[Excerpts from a dataset]
· · · ·

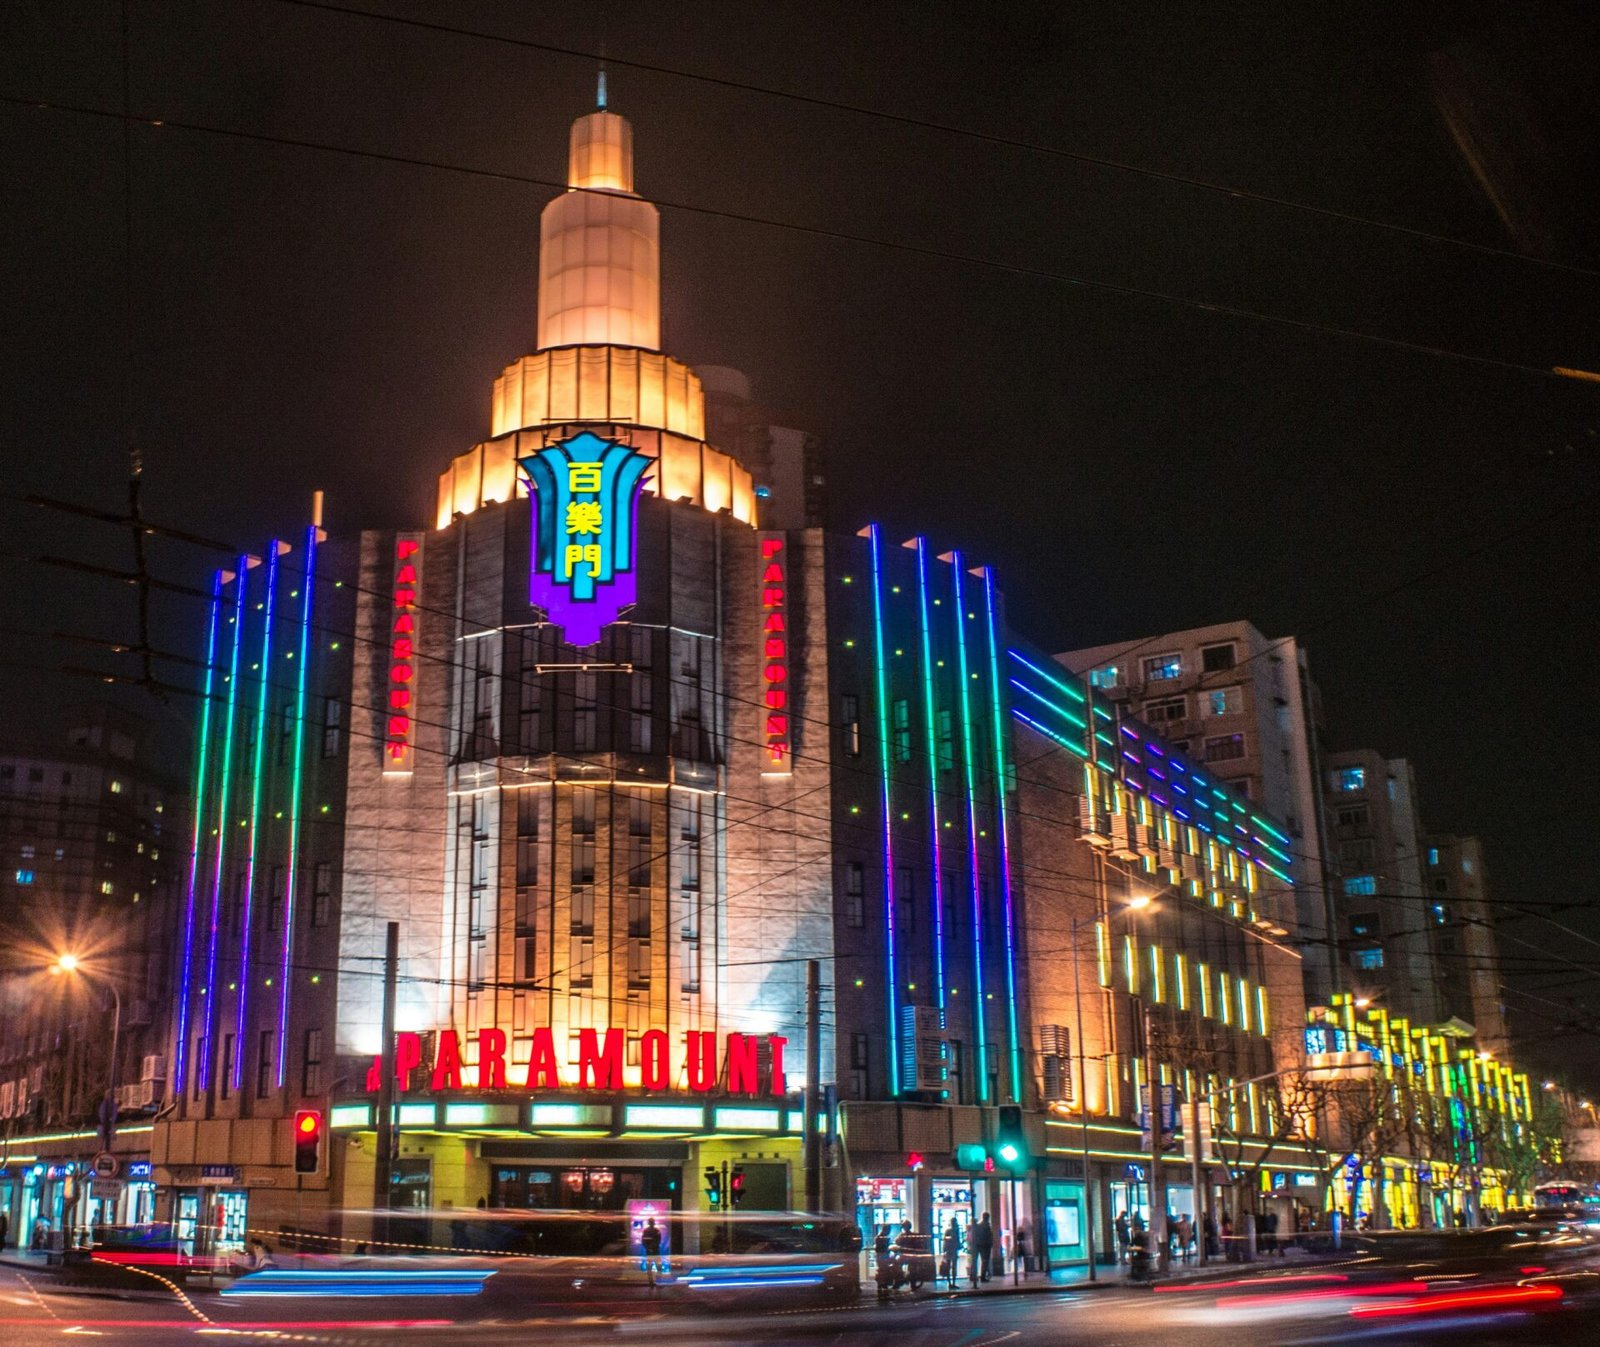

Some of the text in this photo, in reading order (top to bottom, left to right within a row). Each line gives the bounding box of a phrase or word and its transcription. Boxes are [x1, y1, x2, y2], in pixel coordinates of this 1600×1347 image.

[565, 462, 603, 578] 百樂門
[385, 540, 419, 762] PARAMOUNT
[761, 539, 789, 763] PARAMOUNT
[394, 1026, 790, 1096] PARAMOUNT

· · · ·

Write the data above out exactly. Leave out any pictures.

Some of the text in this photo, in reading order (top to bottom, left to right within a row). Each line gives the bounding box of a phrase or word and its transcription. Boxes are [x1, y1, x2, y2], in pixel coordinates of this 1600×1347 image.

[565, 462, 603, 578] 百樂門
[385, 540, 419, 762] PARAMOUNT
[761, 539, 789, 763] PARAMOUNT
[394, 1026, 790, 1096] PARAMOUNT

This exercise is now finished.